Step-by-step installation
Install Kubernetes cluster requirements
Start with a working Kubernetes cluster and install Helm for managing chart deployments.
sudo apt update && sudo apt upgrade -y
sudo apt install -y curl wget gpg
Install kubectl and Helm
Install the Kubernetes command-line tool and Helm package manager for deploying the operator and MinIO.

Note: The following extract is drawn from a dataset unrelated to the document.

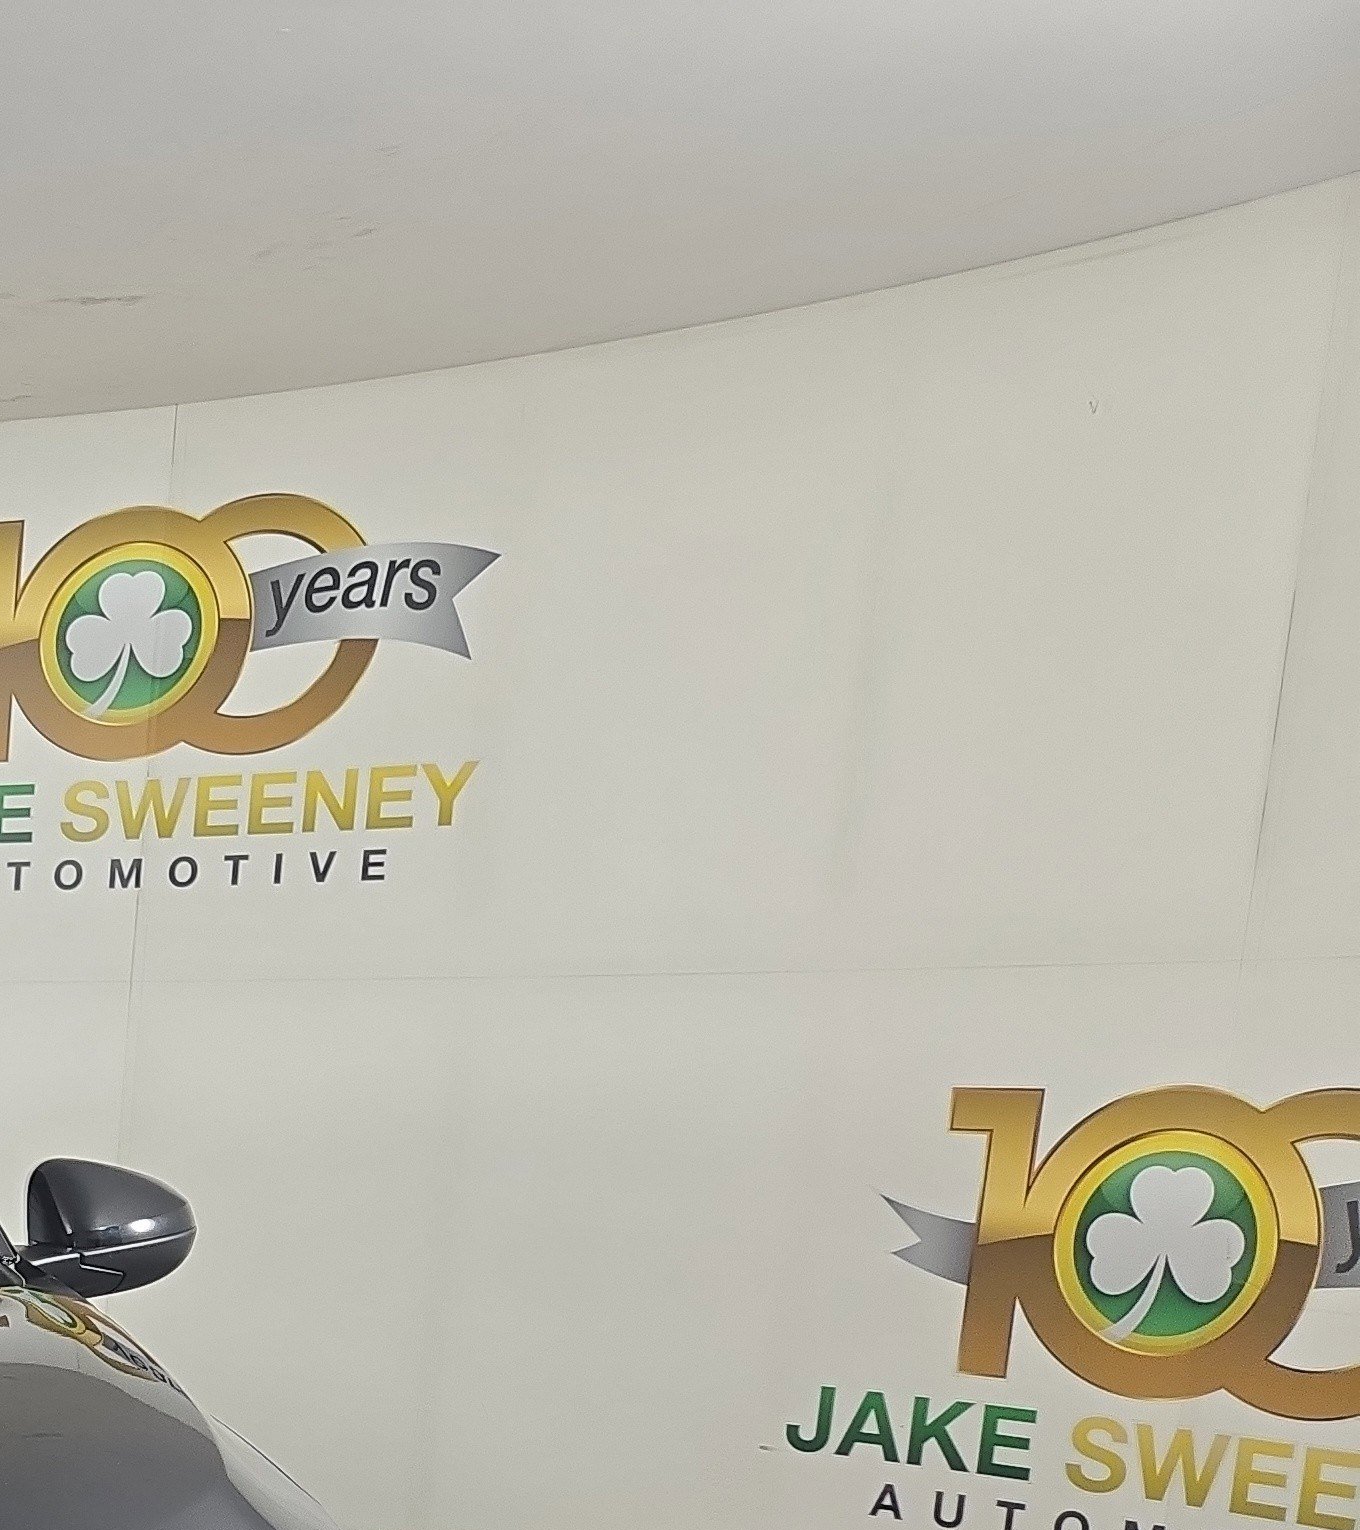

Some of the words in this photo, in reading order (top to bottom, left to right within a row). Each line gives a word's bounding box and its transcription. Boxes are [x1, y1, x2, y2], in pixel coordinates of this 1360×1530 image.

[265, 557, 441, 638] years
[60, 760, 479, 844] SWEENEY
[786, 1385, 1038, 1480] JAKE

curl -LO "https://dl.k8s.io/release/$(curl -L -s https://dl.k8s.io/release/stable.txt)/bin/linux/amd64/kubectl"
sudo chmod +x kubectl
sudo mv kubectl /usr/local/bin/
curl https://raw.githubusercontent.com/helm/helm/main/scripts/get-helm-3 | bash
kubectl version --client
helm version
Create dedicated namespaces
Create separate namespaces for the Spark operator and MinIO to organize resources and apply security policies.
kubectl create namespace spark-operator
kubectl create namespace minio
kubectl create namespace spark-jobs
Install MinIO with SSL certificates
Deploy MinIO object storage with TLS encryption and persistent volume claims for data durability.

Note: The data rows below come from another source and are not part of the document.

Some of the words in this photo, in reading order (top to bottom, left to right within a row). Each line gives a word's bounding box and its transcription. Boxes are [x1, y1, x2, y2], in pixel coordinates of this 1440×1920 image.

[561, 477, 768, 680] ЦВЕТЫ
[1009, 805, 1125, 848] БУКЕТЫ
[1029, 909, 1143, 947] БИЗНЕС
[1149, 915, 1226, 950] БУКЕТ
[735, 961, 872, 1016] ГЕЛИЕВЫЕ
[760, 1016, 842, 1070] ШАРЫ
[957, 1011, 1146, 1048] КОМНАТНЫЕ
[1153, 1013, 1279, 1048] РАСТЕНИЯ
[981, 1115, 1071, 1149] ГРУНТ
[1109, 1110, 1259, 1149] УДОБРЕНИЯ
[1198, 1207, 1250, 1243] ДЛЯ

helm repo add minio https://charts.min.io/
helm repo update
Generate SSL certificates for MinIO
Create self-signed certificates for MinIO API and console access in development environments.

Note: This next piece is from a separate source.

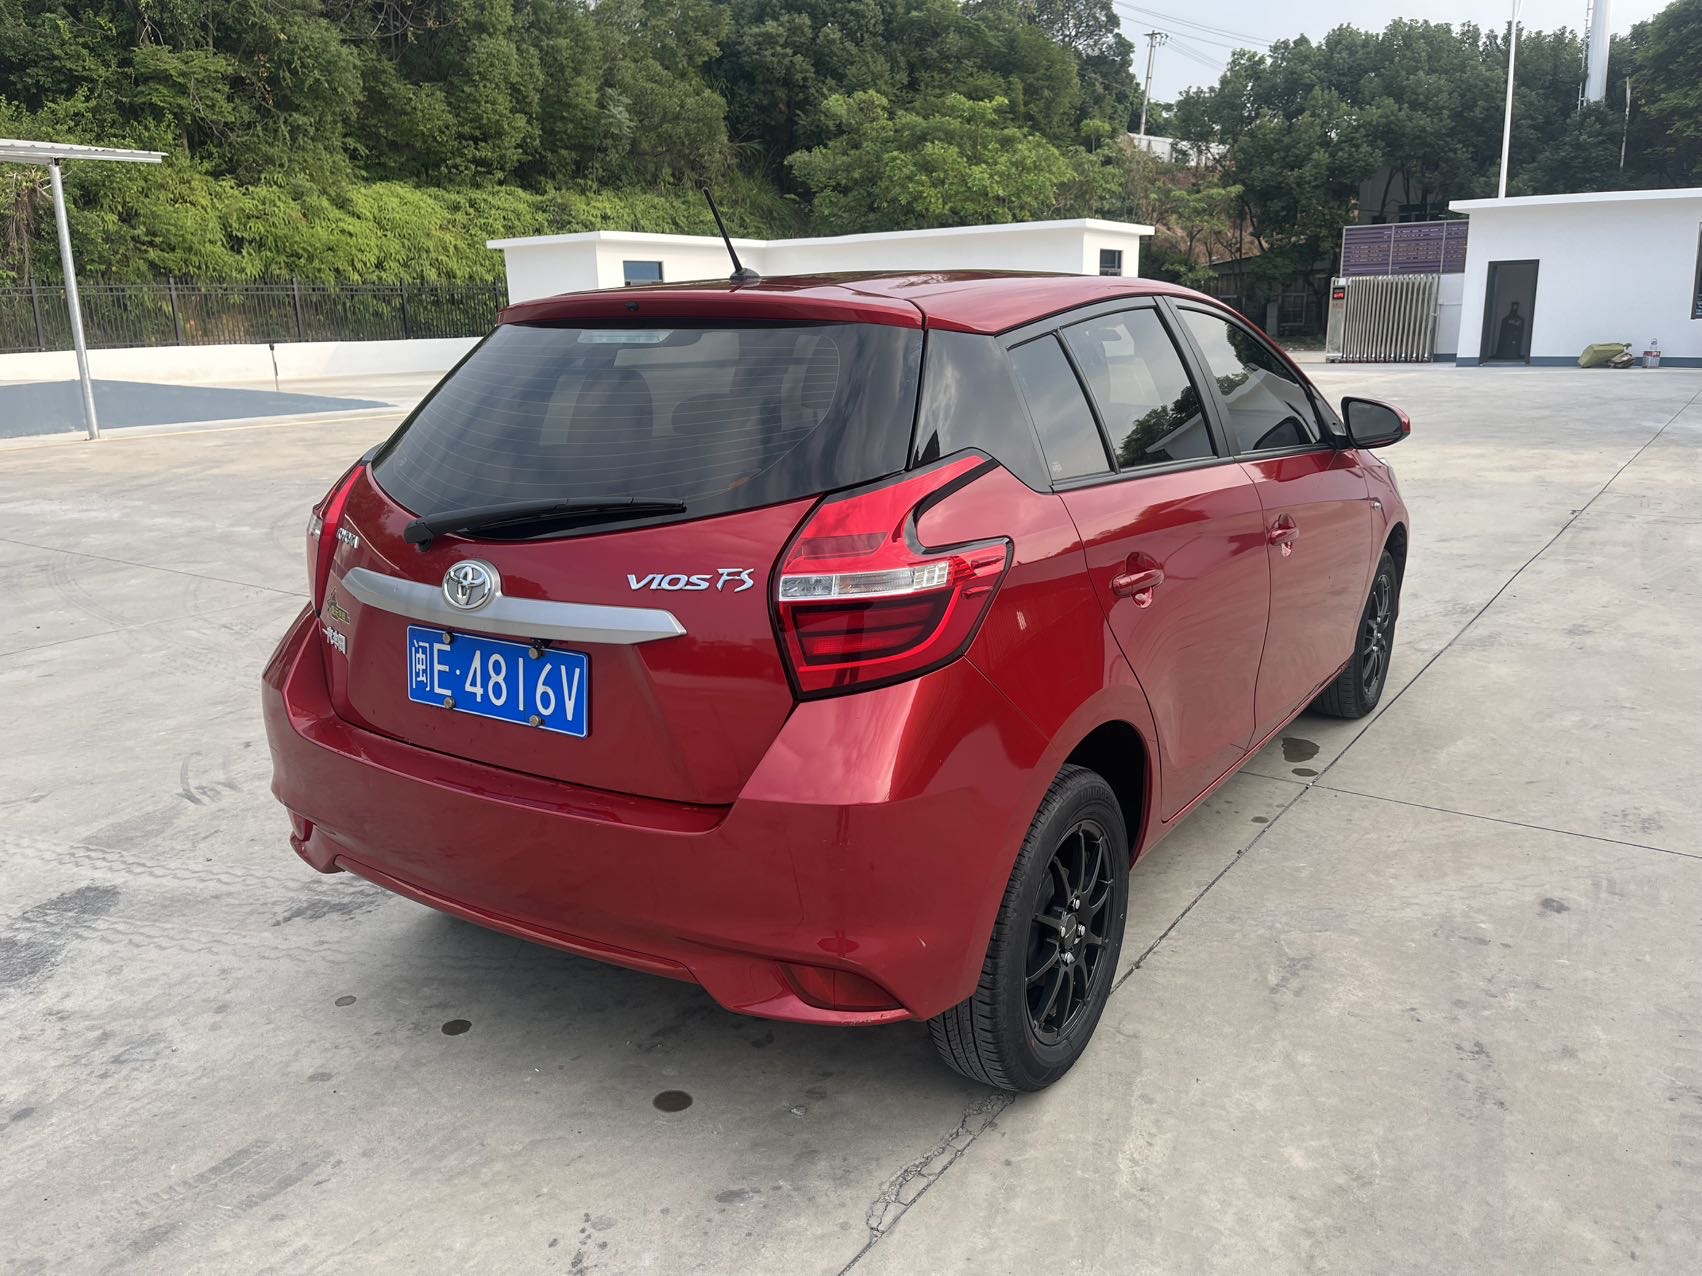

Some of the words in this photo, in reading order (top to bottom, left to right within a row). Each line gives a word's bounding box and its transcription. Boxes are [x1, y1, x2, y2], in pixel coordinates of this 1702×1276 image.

[626, 573, 713, 591] VIOS
[716, 567, 755, 593] FS
[412, 639, 581, 721] 闽E·4816V

openssl req -new -newkey rsa:4096 -days 365 -nodes -x509 \
-subj "/C=US/ST=CA/L=San Francisco/O=Example/CN=minio.example.com" \
-keyout minio.key -out minio.crt
kubectl create secret tls minio-tls --key minio.key --cert minio.crt -n minio
Create MinIO configuration values
Configure MinIO with persistent storage, resource limits, and SSL termination for production workloads.
auth:
rootUser: admin
rootPassword: SecureMinIOPassword123!
mode: standalone
persistence:
enabled: true
storageClass: ""
size: 100Gi
resources:
requests:
memory: "512Mi"
cpu: "250m"
limits:
memory: "2Gi"
cpu: "1000m"
service:
type: ClusterIP
port: 9000
consoleService:
type: ClusterIP
port: 9001
tls:
enabled: true
existingSecret: "minio-tls"
ingress:
enabled: true
annotations:
kubernetes.io/ingress.class: "nginx"
cert-manager.io/cluster-issuer: "letsencrypt-prod"
hosts:
- host: minio.example.com
paths:
- path: /
pathType: Prefix
Deploy MinIO with Helm
Install MinIO using the configuration values and verify the deployment status.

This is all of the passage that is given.